Enzymatic characteristics of Nudix hydrolase 2 (Nud2), an 8-oxo-dGTP hydrolase from Myxococcus xanthus

Abstract

Myxococcus xanthus Nudix hydrolase 2 (Nud2) hydrolyzed oxidized deoxynucleotides, such as 8-oxo-dGTP, 8-oxo-dGDP, 8-OH-dTP, and 2-OH-dATP, and showed the highest specific activity toward 8-oxo-dGTP. Mn²⁺ was the most effective co-factor for stimulating oxidized deoxynucleotide hydrolase activity.
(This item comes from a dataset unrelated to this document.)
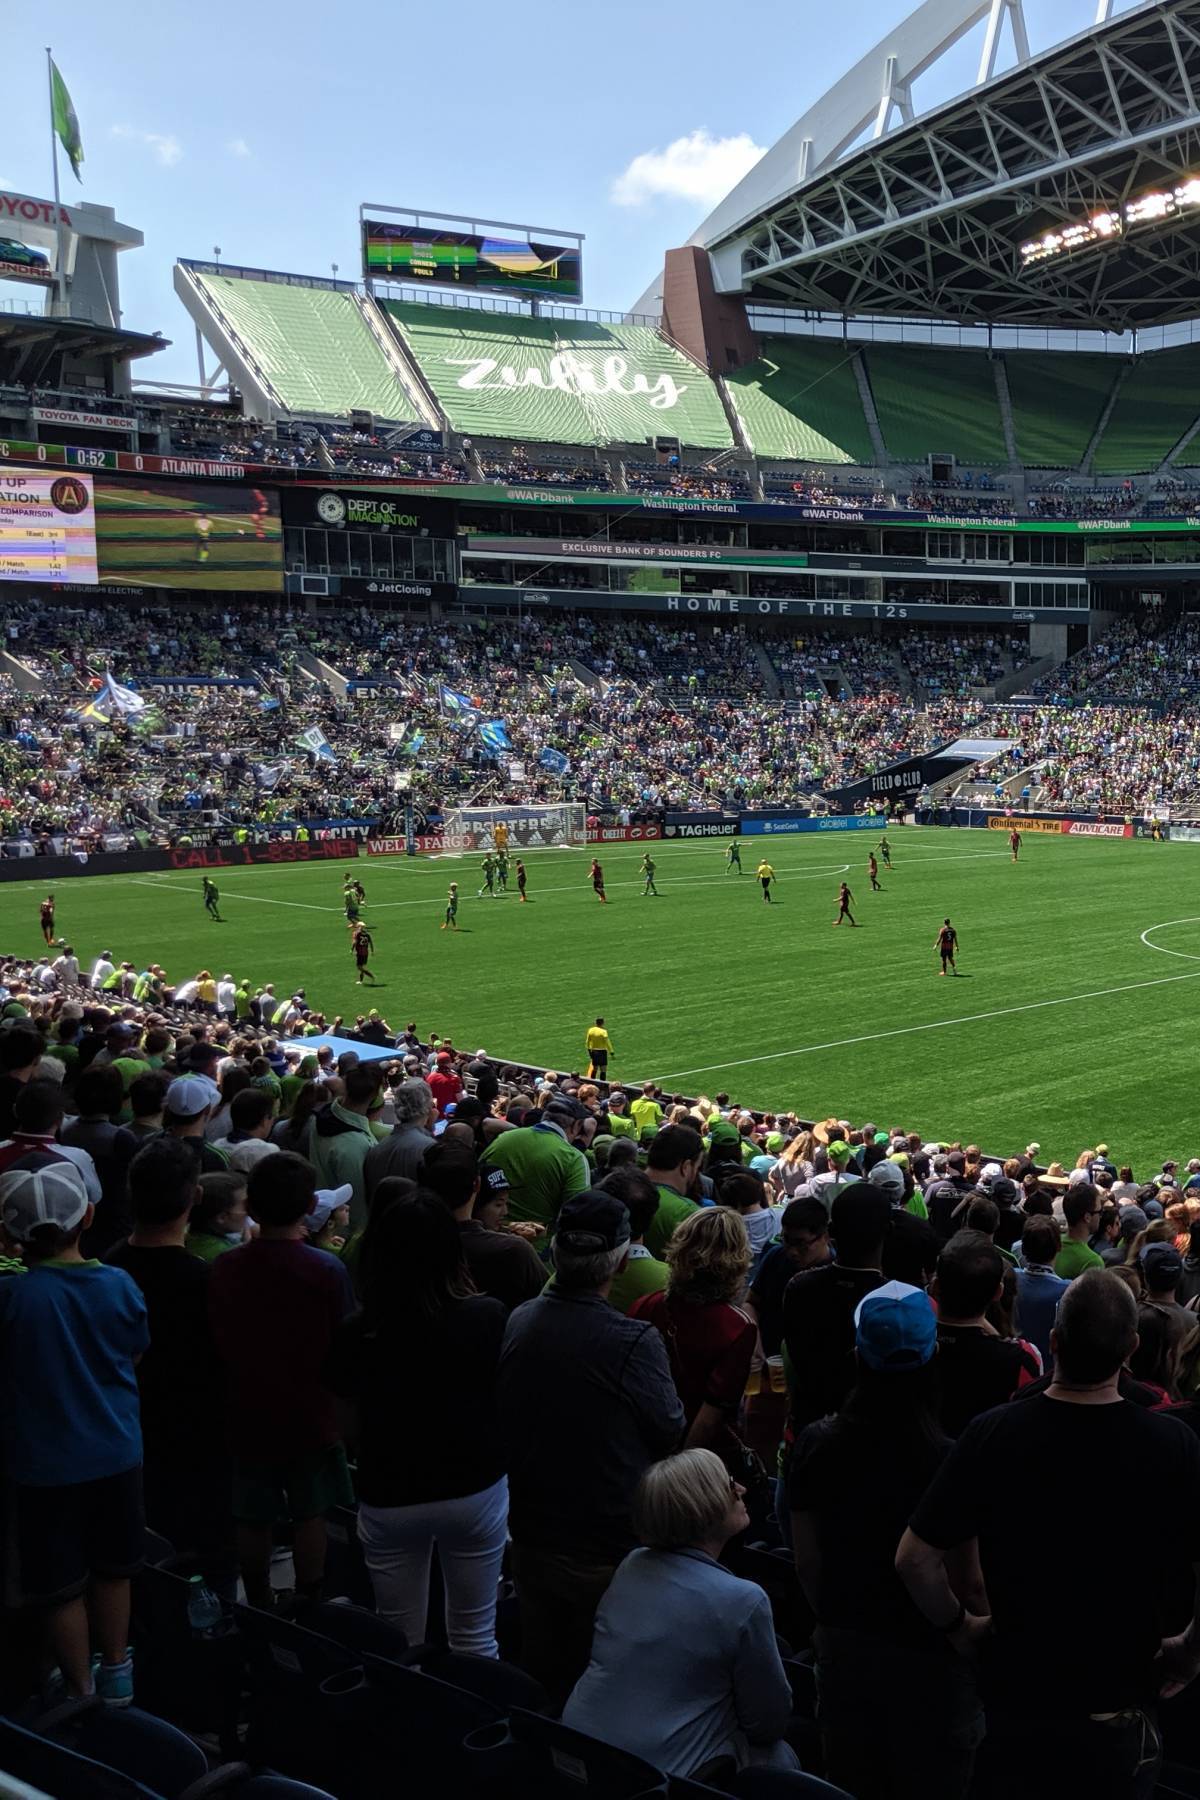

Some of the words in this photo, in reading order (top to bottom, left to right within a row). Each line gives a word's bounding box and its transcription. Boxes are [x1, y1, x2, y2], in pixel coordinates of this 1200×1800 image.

The K_m of Nud2 with 8-oxo-dGTP for Mn²⁺ was 19-fold lower than that for Mg²⁺, and was 2-fold lower than that with dGTP for Mn²⁺. The specificity constant (k_cat/K_m) for 8-oxo-dGTP was 6-fold higher than that for dGTP. Nud2 contains a similar Nudix motif (⁸⁴AX₅⁹⁰GX₇REX₂EEXGX). Replacement of Ala84 and/or Gly90 in the Nudix motif of Nud2 by Gly or Glu had negligible effects on 8-oxo-dGTP hydrolase activity, suggesting that a strict Nudix motif sequence is not essential for complete hydrolase activity of Nud2.